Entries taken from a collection
┌────────
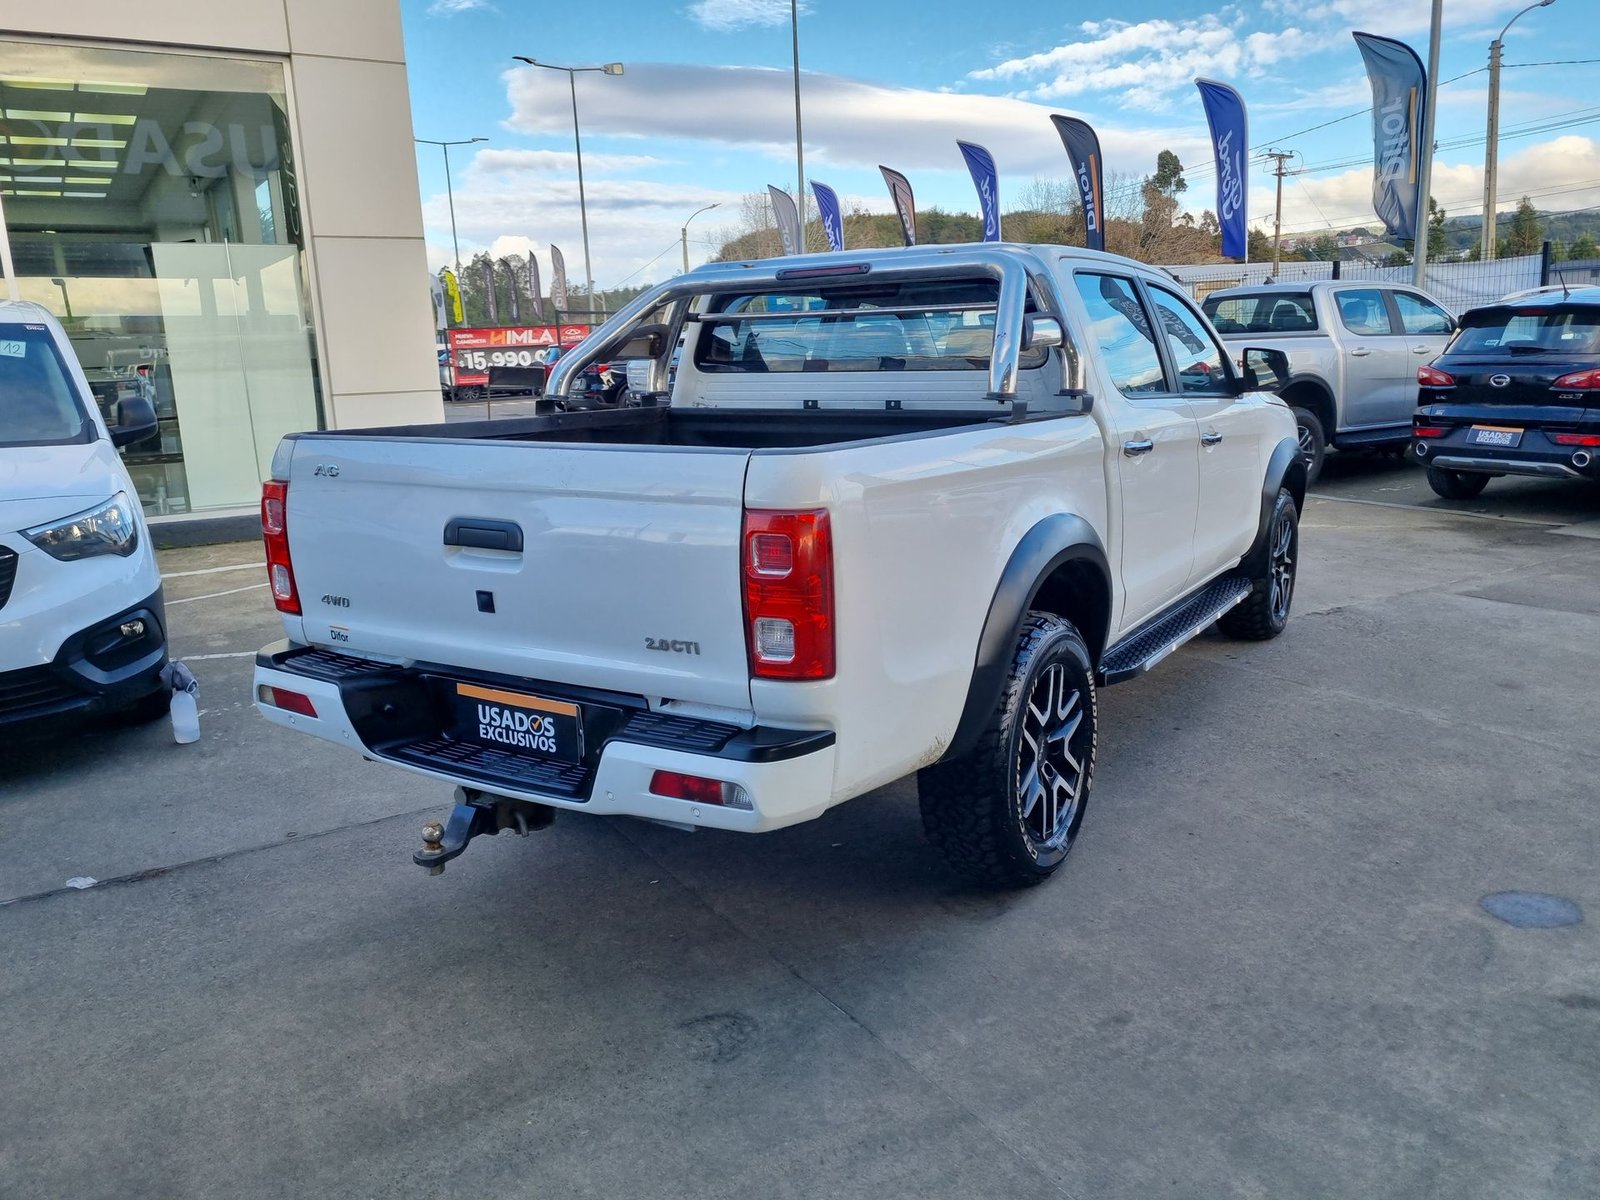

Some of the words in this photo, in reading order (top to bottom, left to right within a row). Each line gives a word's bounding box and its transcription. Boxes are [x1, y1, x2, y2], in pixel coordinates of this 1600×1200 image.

[1478, 430, 1513, 440] USADOS
[321, 594, 350, 608] 4WD
[330, 629, 349, 642] Difor
[477, 703, 556, 737] USADOS
[479, 723, 557, 753] EXCLUSIVOS
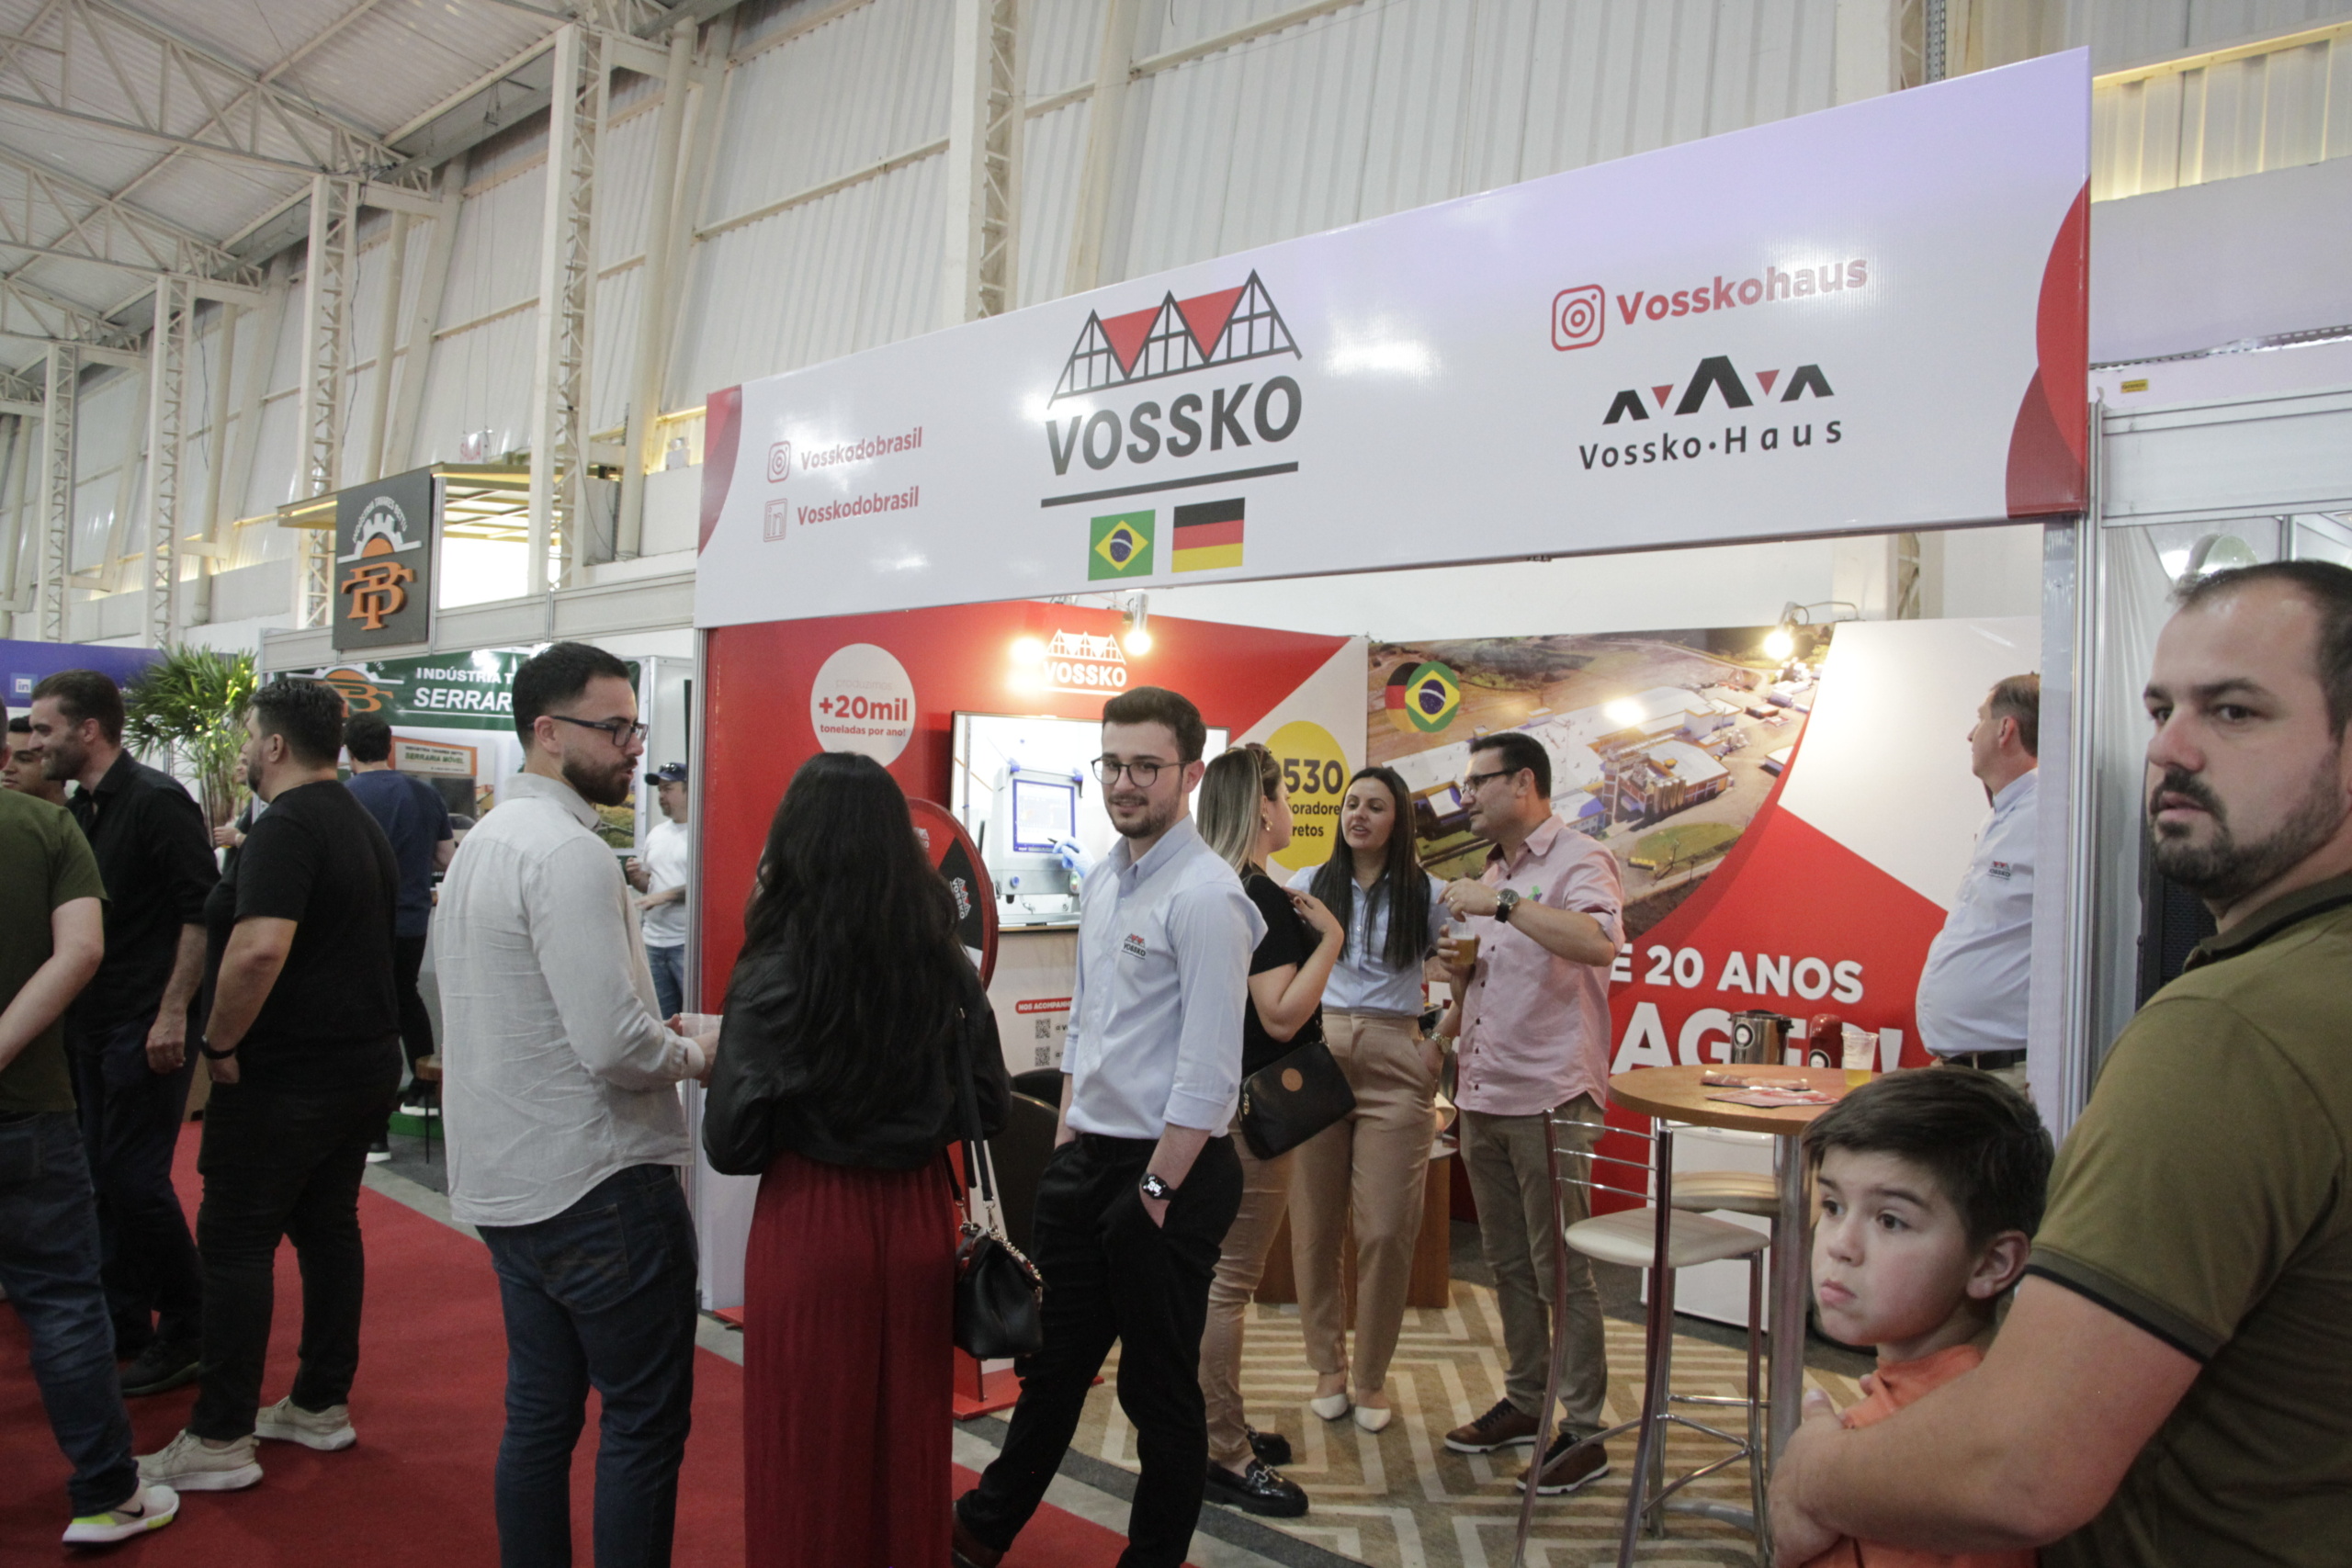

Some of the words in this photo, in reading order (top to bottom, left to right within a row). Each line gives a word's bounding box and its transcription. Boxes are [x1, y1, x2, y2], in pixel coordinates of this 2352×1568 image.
└────────
Output every line of the records exactly, excluding all pictures.

WRITTEN SOLUTION —
Some of the words in this photo, in reading order (top to bottom, left to right within a row). Each line gives a word's bounding box and its transcription. Boxes are [x1, y1, x2, y2], in pixel coordinates of this 1600×1200 image.

[1478, 430, 1513, 440] USADOS
[321, 594, 350, 608] 4WD
[330, 629, 349, 642] Difor
[477, 703, 556, 737] USADOS
[479, 723, 557, 753] EXCLUSIVOS

Some of the words in this photo, in reading order (top to bottom, left to right within a row). Each line gives a word's bounding box and its transcription. Boxes are [x1, y1, x2, y2], in pixel coordinates of this 2352×1568 image.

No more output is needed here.